### WORK REQUEST
Without including any picture, copy the entries that follow word for word.

Stored items
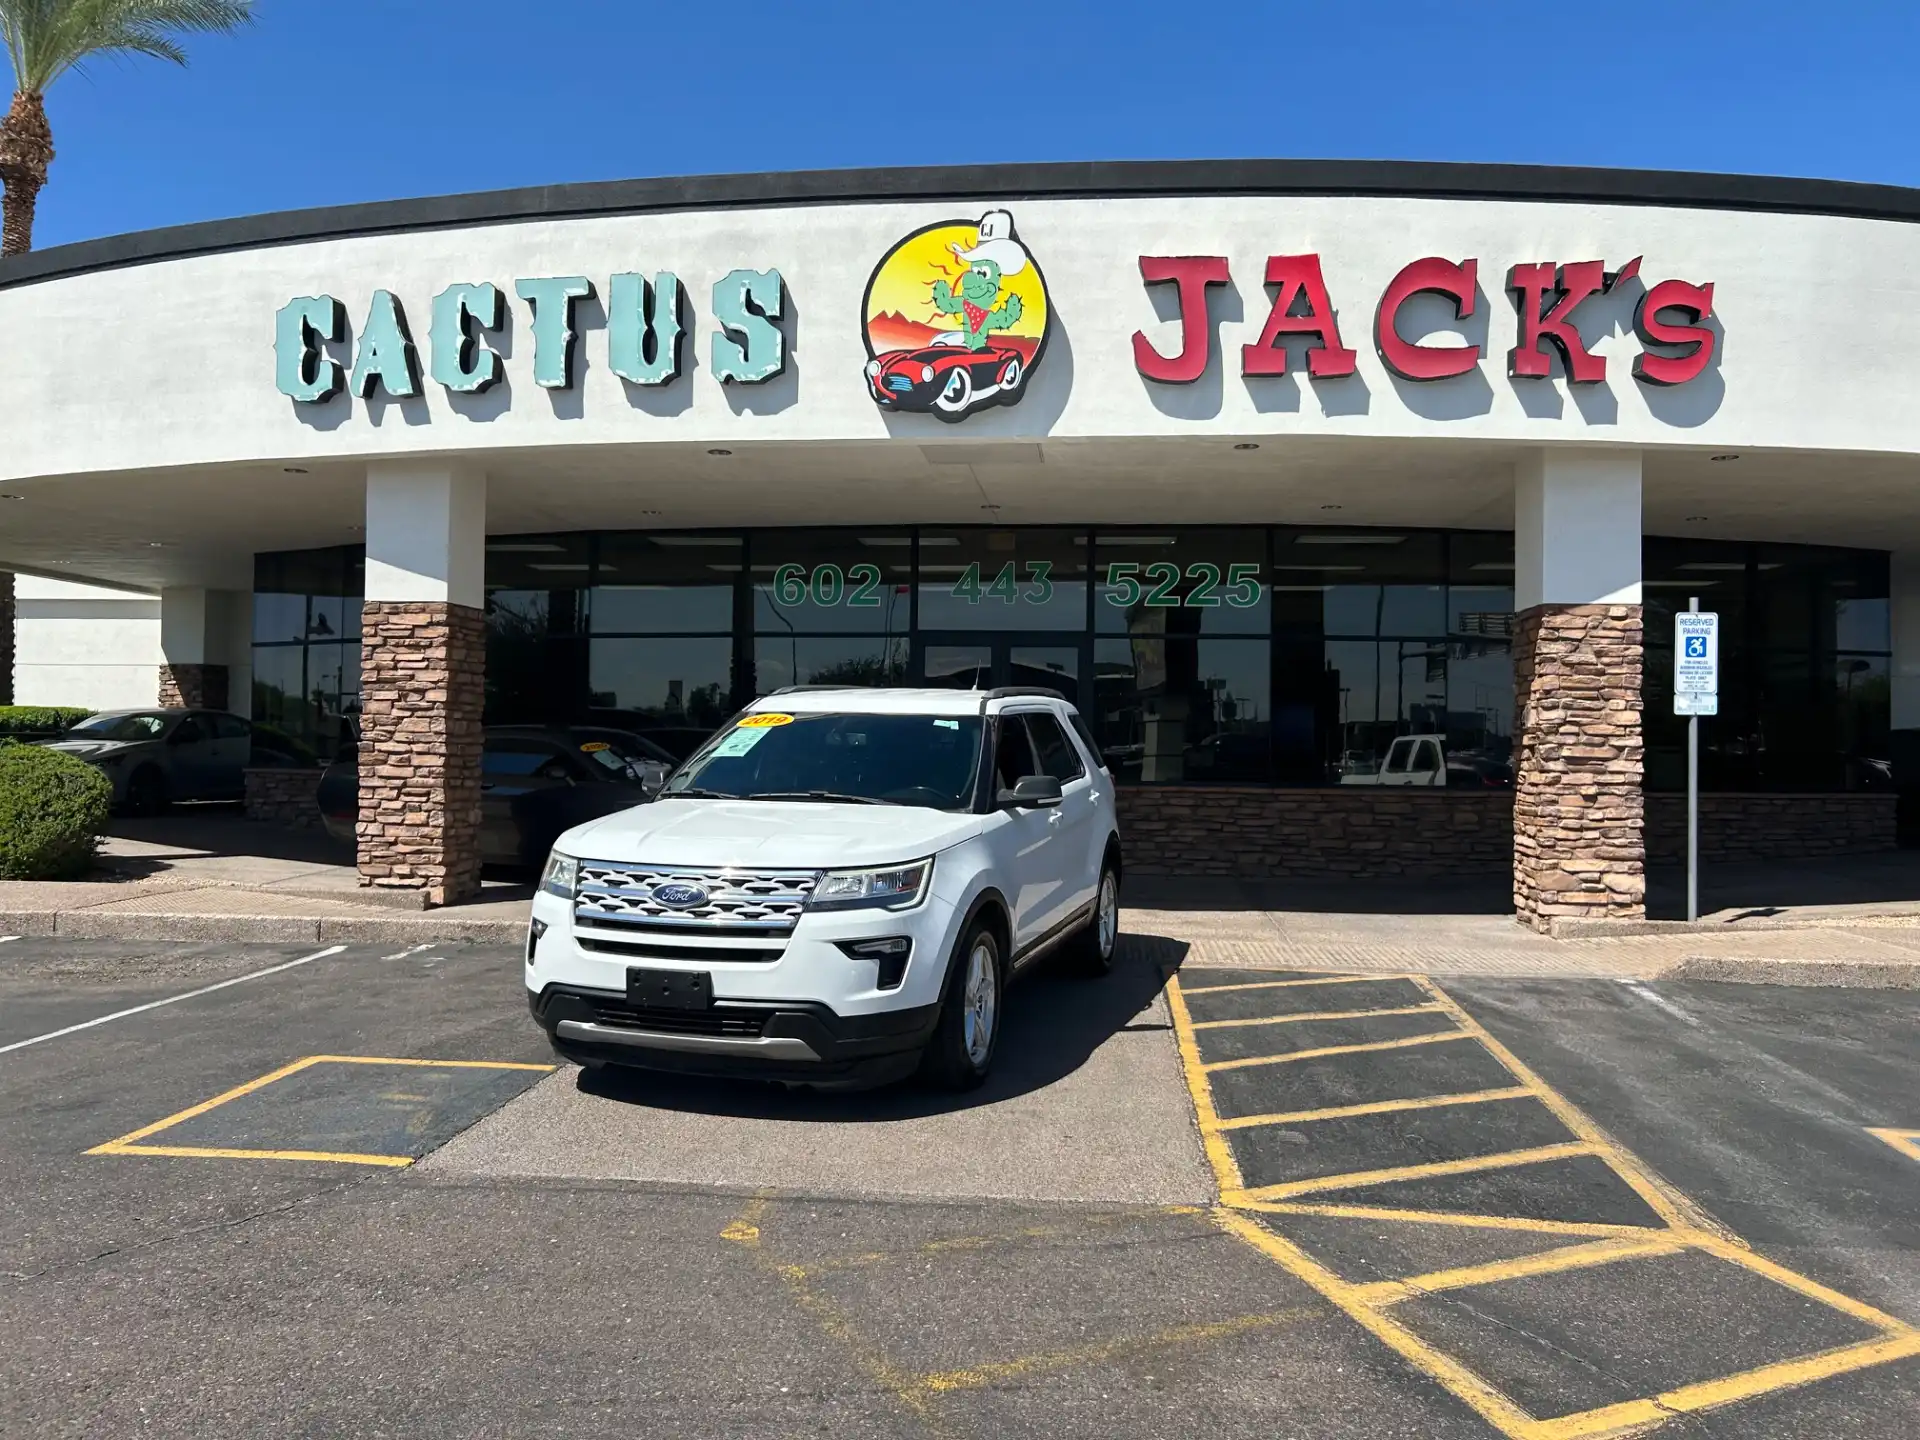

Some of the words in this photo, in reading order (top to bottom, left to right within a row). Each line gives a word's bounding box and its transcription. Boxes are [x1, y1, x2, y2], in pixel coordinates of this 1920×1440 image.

[1132, 254, 1715, 386] JACK'S
[274, 269, 785, 403] CACTUS
[773, 563, 882, 607] 602
[951, 561, 1054, 604] 443
[1104, 563, 1262, 608] 5225
[1679, 618, 1714, 626] RESERVED
[1682, 627, 1711, 635] PARKING
[742, 716, 788, 725] 2019
[661, 886, 692, 901] Ford
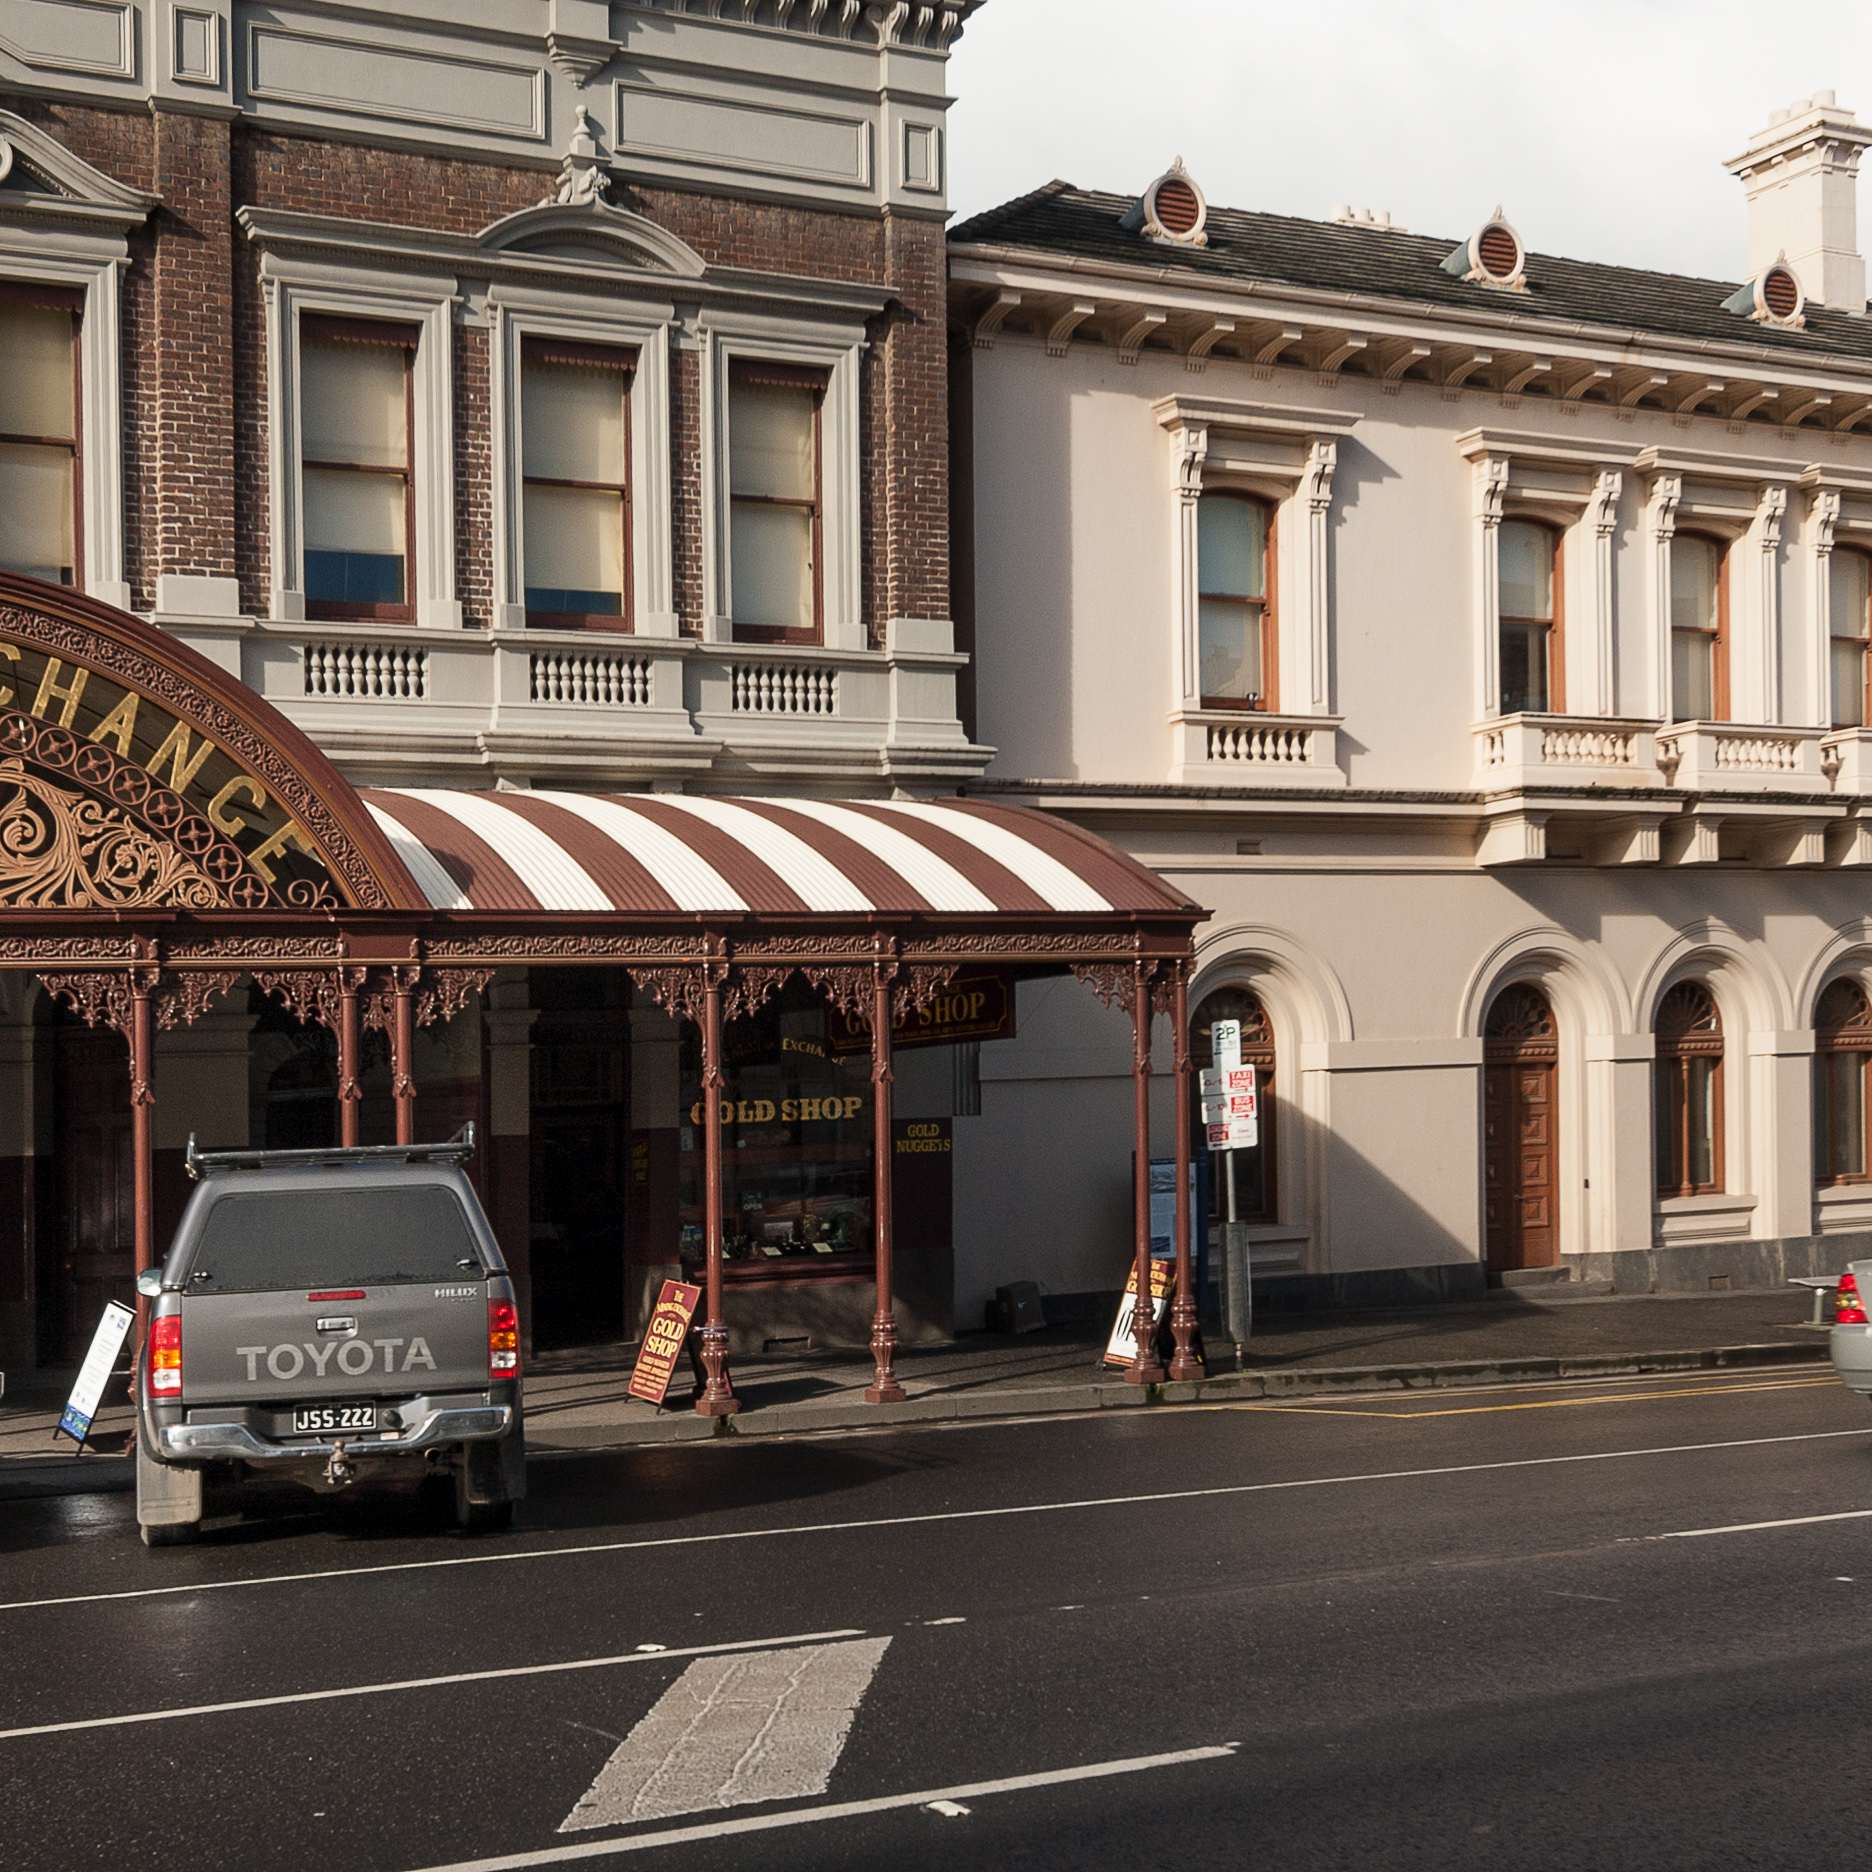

### PROBLEM SOLUTION
Some of the words in this photo, in reading order (top to bottom, left to right within a row). Each line gives a word's bounding box and its transcription. Boxes are [x1, y1, x2, y2], in pixel coordinates of this 1920×1440 image.

[1132, 254, 1715, 386] JACK'S
[274, 269, 785, 403] CACTUS
[773, 563, 882, 607] 602
[951, 561, 1054, 604] 443
[1104, 563, 1262, 608] 5225
[1679, 618, 1714, 626] RESERVED
[1682, 627, 1711, 635] PARKING
[742, 716, 788, 725] 2019
[661, 886, 692, 901] Ford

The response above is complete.